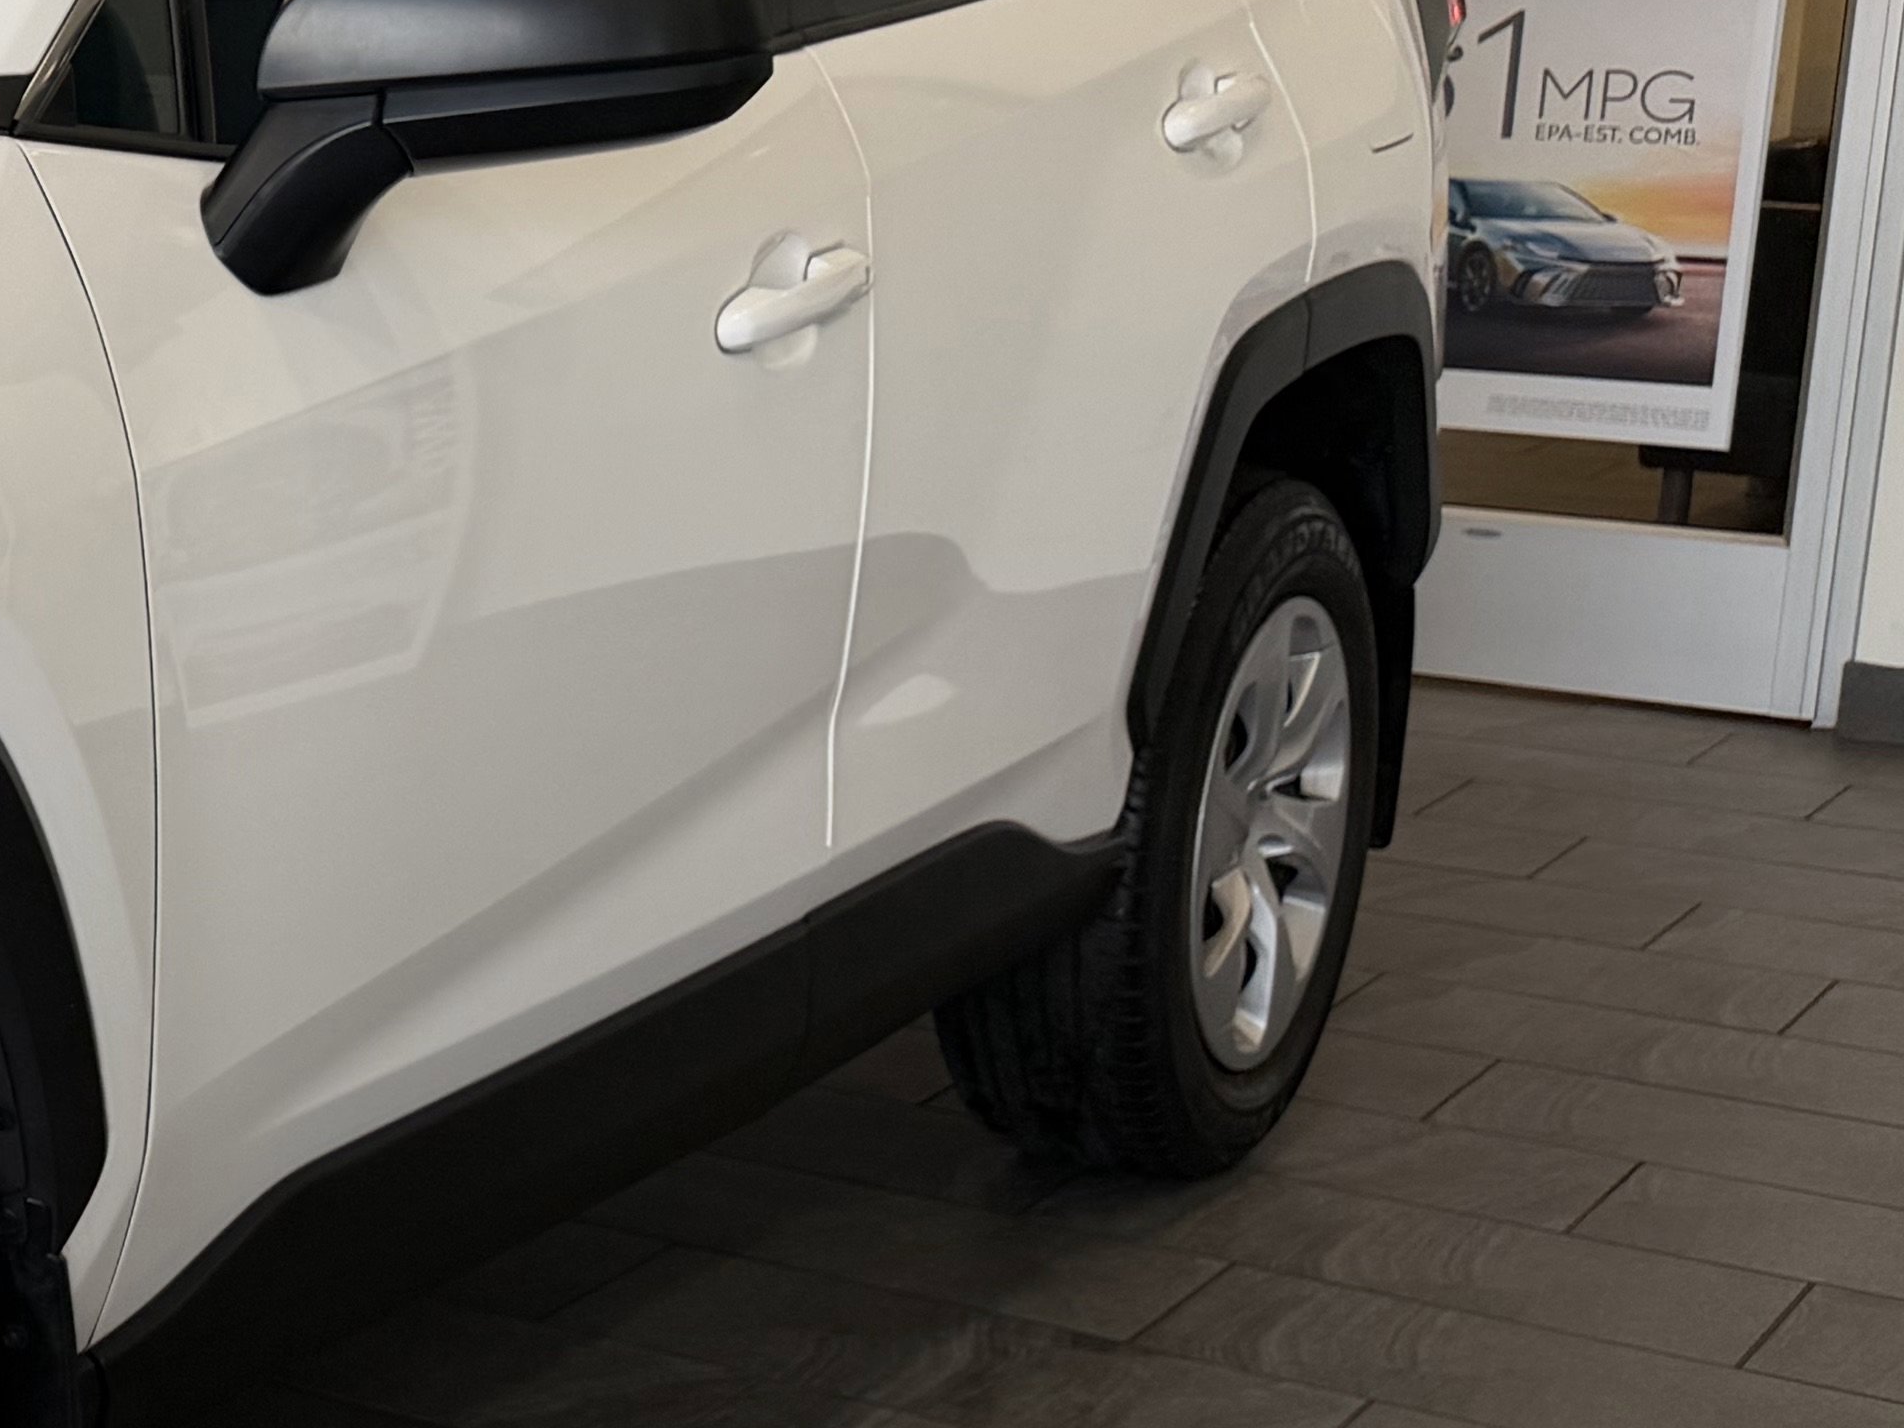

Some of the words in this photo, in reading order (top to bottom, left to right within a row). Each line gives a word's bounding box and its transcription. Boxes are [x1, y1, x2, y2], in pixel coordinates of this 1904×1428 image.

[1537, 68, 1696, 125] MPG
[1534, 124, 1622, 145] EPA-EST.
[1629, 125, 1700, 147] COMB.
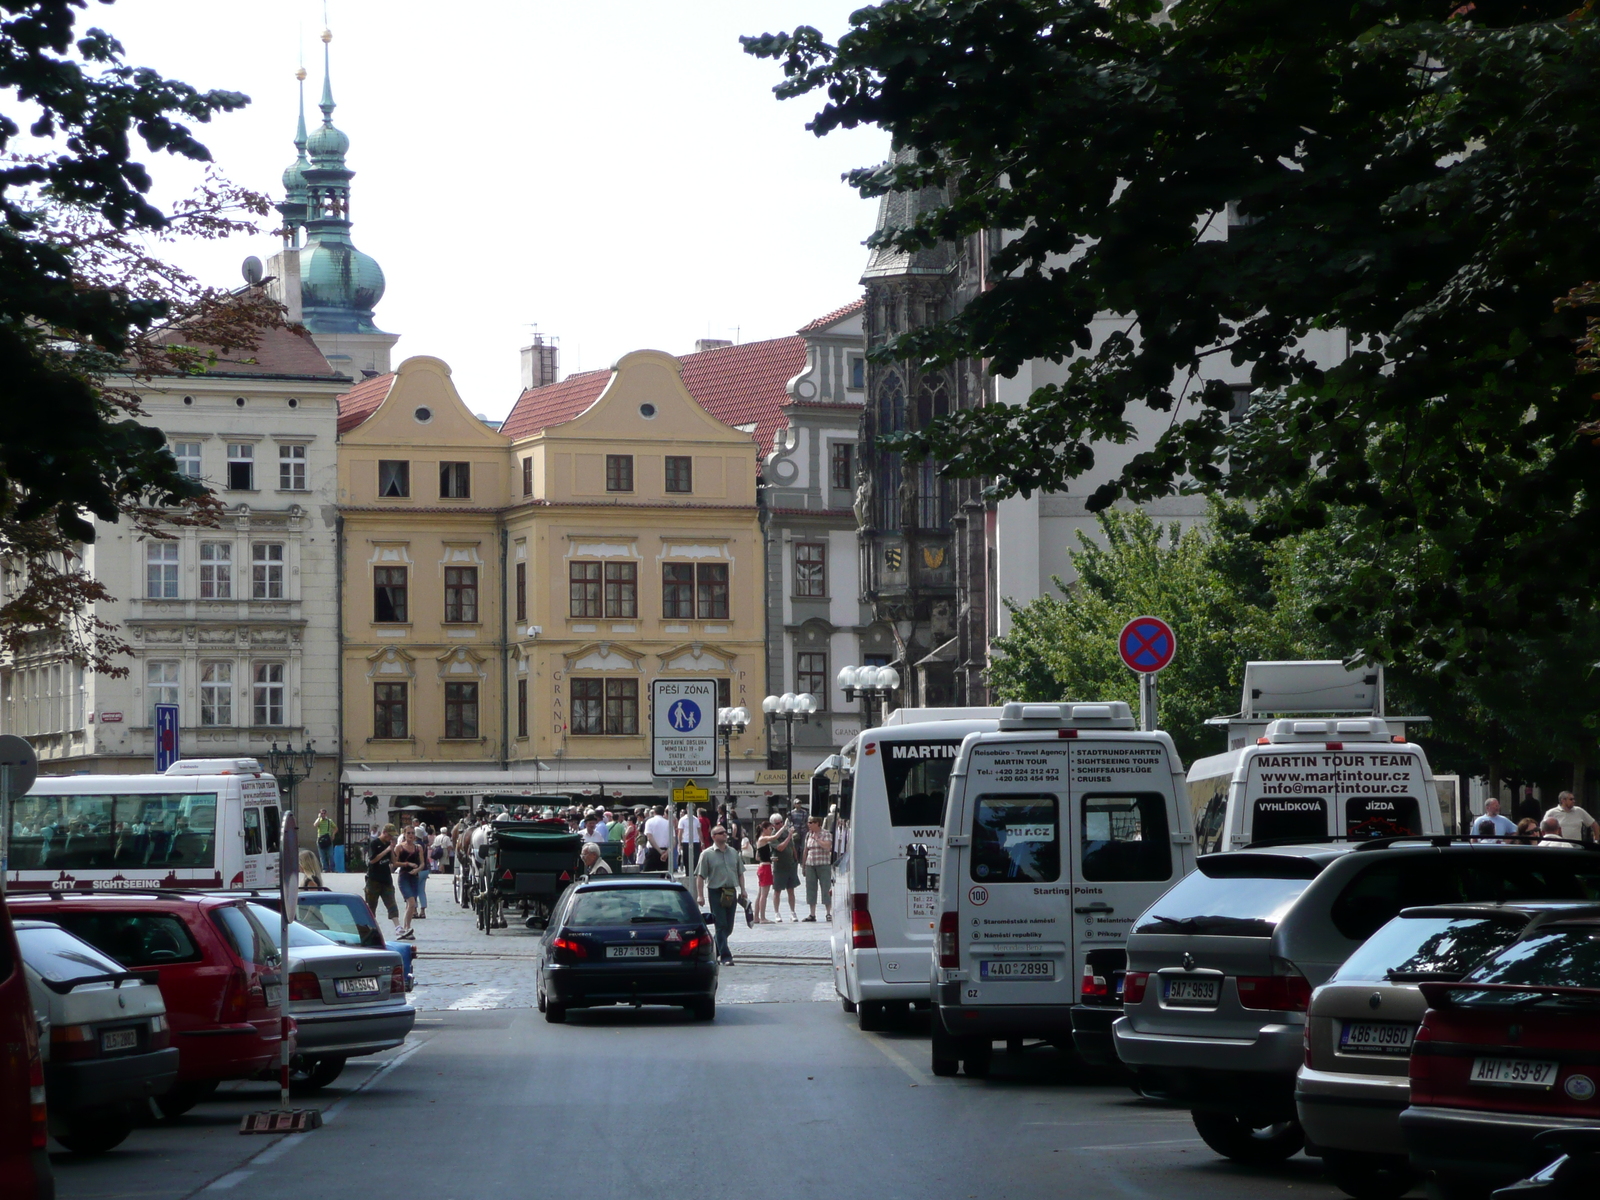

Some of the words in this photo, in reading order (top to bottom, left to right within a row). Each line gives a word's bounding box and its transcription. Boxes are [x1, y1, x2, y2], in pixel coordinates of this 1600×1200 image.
* * * *
#### Problem to work on
Print the whole listing above once more, word for word, without its pictures.

#### Answer section
Some of the words in this photo, in reading order (top to bottom, left to right within a row). Each line gives a word's bounding box and its transcription. Boxes are [x1, y1, x2, y2], in pixel coordinates of this 1904×1428 image.

[1537, 68, 1696, 125] MPG
[1534, 124, 1622, 145] EPA-EST.
[1629, 125, 1700, 147] COMB.

Some of the words in this photo, in reading order (top to bottom, left to right within a row). Each line gives a word's bounding box and its transcription. Boxes are [x1, y1, x2, y2], in pixel coordinates of this 1600×1200 image.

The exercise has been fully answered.